The High Hat Solo
blow by blow, the drummer’s foot stomps that pedal like she’s kicking the world in the ribs, cymbals crashing silver in the dim, hi-hat chick-chick-chick in a wild solo to nowhere and everywhere.
there she plays under the hot spotlight, the girl with the brushes and the furious heart, beating it out while the room leans in from the shadows — hungry, eyes like wet coins.
“Hello Mr Jackson, your table’s ready,” the waitress floats through blue smoke. I glide past the bar, past the sad drunk weeping in his beer, the couple loving with their knees under the table, to my booth — reserved on a matchbook with a number I never dialled.

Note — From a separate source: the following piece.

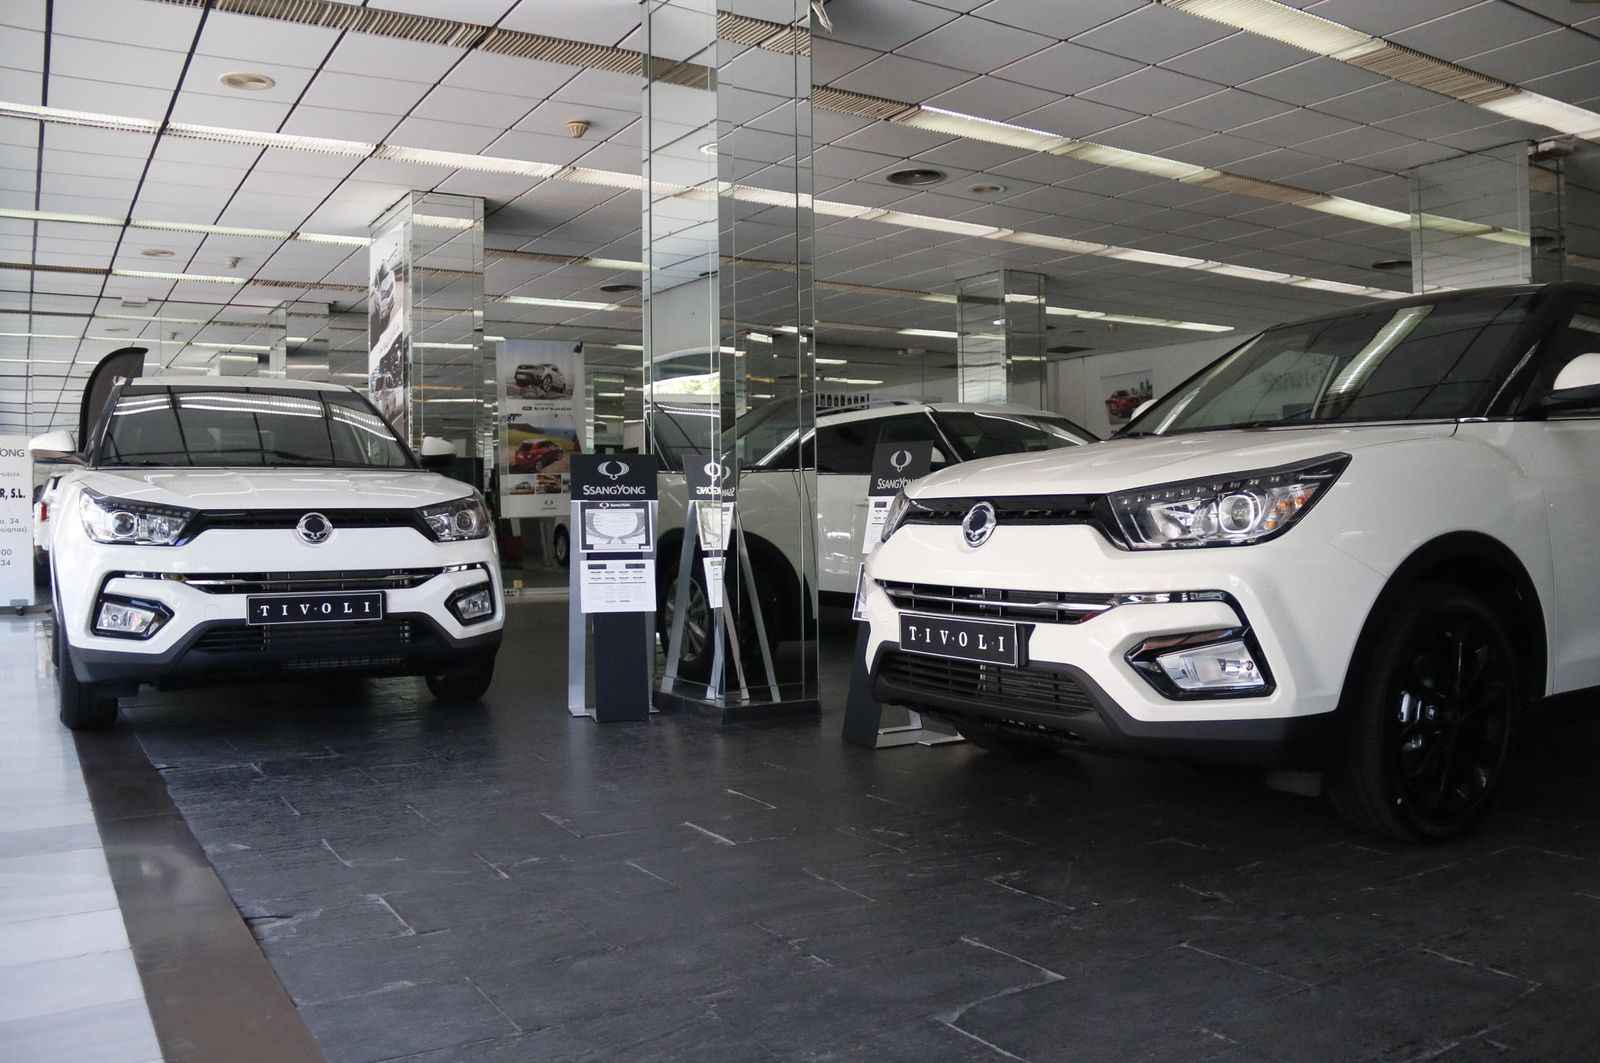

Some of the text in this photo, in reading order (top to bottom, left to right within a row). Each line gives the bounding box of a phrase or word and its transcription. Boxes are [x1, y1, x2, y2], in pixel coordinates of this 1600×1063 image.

[0, 447, 25, 458] ONG
[11, 488, 26, 499] S.L.
[583, 484, 646, 496] SSANGYONG

the place jumps and bops at the end of a torn downtown boulevard, neon bleeding into the gutters, saxophone ripping long cries that tear my head open, bass walking deep in my gut like a second heartbeat, blood going bop, bop, bop in 4/4, and I’m alive in the great night.
on the back wall, the dead are blowing louder than us living bastards: Miles cool as God on a sour day, Chuck Berry splitting like he birthed the whole thing, Chet Baker angelic and piercing my ruined soul — all framed, all gone, all immortals.
and the crowd roars for more, more — because for one minute, we’re not crawling toward the grave, we’re up on jazz’s wild screaming wings.